In cosa questo conclave è diverso da quello del 2005?

«Alle congregazioni generali conoscevo quasi tutti e con quelli con cui avevo avuto minor frequentazione, mi fu subito possibile approfondire la conoscenza. Otto anni fa eravamo presieduti da un decano che poi è entrato in conclave, mentre adesso Sodano non partecipa all’elezione pontificia. Joseph Ratzinger ci guidò dal pre-conclave al conclave. La sua omelia a San Pietro compattò emotivamente e spiritualmente il collegio cardinalizio. La malattia di Giovanni Paolo II fu lunga e ed eravamo già preparati psicologicamente ad eleggere il successore. Stavolta la differenza di situazione è abissale: la rinuncia di Benedetto XVI è stata realmente un fulmine a ciel sereno per tutti noi».

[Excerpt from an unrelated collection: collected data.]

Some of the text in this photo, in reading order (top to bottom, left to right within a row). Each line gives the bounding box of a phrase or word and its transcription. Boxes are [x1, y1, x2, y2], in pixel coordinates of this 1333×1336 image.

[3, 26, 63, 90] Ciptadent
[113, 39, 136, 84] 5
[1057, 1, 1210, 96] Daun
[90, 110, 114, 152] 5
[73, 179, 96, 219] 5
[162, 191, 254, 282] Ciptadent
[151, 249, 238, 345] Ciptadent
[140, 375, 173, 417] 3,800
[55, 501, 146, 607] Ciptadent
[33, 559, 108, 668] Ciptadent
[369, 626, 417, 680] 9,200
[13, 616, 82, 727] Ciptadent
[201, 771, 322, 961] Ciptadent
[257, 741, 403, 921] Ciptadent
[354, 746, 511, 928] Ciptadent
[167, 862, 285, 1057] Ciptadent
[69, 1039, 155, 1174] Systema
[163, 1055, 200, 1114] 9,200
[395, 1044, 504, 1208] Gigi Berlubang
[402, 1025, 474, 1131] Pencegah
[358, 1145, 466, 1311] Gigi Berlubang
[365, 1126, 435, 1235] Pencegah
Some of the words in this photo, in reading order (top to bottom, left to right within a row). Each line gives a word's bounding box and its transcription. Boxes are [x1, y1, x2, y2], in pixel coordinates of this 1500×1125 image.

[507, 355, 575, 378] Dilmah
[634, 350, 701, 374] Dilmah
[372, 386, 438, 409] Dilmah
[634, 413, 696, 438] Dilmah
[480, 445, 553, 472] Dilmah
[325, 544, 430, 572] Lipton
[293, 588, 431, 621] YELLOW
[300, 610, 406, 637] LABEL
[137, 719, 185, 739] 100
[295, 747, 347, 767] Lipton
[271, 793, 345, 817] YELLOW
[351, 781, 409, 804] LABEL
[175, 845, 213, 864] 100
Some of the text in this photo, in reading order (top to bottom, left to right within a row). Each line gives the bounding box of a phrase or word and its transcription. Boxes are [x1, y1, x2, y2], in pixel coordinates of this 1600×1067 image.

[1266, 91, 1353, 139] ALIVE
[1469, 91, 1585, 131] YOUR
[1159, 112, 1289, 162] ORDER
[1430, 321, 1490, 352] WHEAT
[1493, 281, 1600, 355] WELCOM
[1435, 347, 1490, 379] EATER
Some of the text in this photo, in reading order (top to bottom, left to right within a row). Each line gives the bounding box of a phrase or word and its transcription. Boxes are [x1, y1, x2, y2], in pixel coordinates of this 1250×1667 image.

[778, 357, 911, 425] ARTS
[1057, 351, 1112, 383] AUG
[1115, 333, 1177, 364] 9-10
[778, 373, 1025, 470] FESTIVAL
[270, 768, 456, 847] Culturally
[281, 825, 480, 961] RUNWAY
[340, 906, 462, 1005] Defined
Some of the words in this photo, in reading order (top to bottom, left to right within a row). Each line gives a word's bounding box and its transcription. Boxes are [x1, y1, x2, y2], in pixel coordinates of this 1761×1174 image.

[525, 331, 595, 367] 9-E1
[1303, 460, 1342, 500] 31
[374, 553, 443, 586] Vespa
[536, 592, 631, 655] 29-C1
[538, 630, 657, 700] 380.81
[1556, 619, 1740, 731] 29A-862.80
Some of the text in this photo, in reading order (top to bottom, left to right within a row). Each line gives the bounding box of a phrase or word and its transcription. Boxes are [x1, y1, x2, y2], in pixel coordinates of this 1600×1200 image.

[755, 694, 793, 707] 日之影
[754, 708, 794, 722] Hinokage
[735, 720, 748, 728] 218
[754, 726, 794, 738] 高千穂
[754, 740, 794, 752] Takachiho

Com’è stato votare nella Sistina?

«È come passare dall’altra parte della piazza. Ero a San Pietro quando fu eletto Roncalli e la mattina in cui si aprì il conclave avevo fatto colazione con uno dei suoi elettori. Cinque anni dopo prestavo servizio in Segreteria di Stato e Montini divenne Papa. Quando è toccato a me prendere parte all’elezione pontificia, ho partecipato nel modo più naturale ad un evento straordinariamente intenso e significativo. Mi torna alla mente ogni istante, ogni fase. Lunedì 18 aprile 2005 alle 16.30 era l’orario fissato per l’ingresso in conclave e il giuramento per l’elezione del nuovo Pontefice. Un quarto d’ora prima ci ritrovammo nell’Aula della Benedizione, alla prima Loggia del Palazzo Apostolico. Indossavamo tutti la veste rossa, il rocchetto e la mozzetta. Preceduti dalla Croce e dal Libro dei Vangeli, al canto delle litanie dei santi, ci dirigemmo in processione alla Cappella Sistina dove prestammo giuramento. Mi tremava la voce per l’emozione mentre intonavo il “Veni Creator”».

Qual era il clima?

«Erano in corso i lavori di restauro alla Cappella Sistina, ci sedemmo su scomodi banchi di legno, da scuola. Nell’aula della Benedizione non si sentiva un respiro. Non mi ero mai trovato immerso in un silenzio assoluto malgrado le tante persone raccolte nello stesso luogo. Appena la processione si mosse, c’è stato uno sblocco psicologico. Era un’atmosfera di gravità e serenità. Mi resta impresso soprattutto l’inno allo Spirito Santo. È il più straordinario che abbia mai cantato. Ero in processione tra il tedesco Wetter (successore di Ratzinger a Monaco) e il filippino Vidal che ho ritrovato ora in queste congregazioni con lo stesso sorriso».

E nella casa Santa Marta?

«Erano a nostra disposizione i pulmini per i trasferimenti dalla Domus alla Sistina e viceversa. Però io andavo a piedi. L’aria era gradevole, rinfrescava le idee, attraversavo i cortili interni, l’abisde di San Pietro, San Damaso, l’ascensore, discutendo con qualche confratello. Anche a tavola parlammo liberamente, in grande armonia. Alla fine della cena venne spontaneo ritrovarci tutti a pregare nella cappella di Santa Marta. Nella mia stanza il sonno venne subito. Ho dormito benissimo».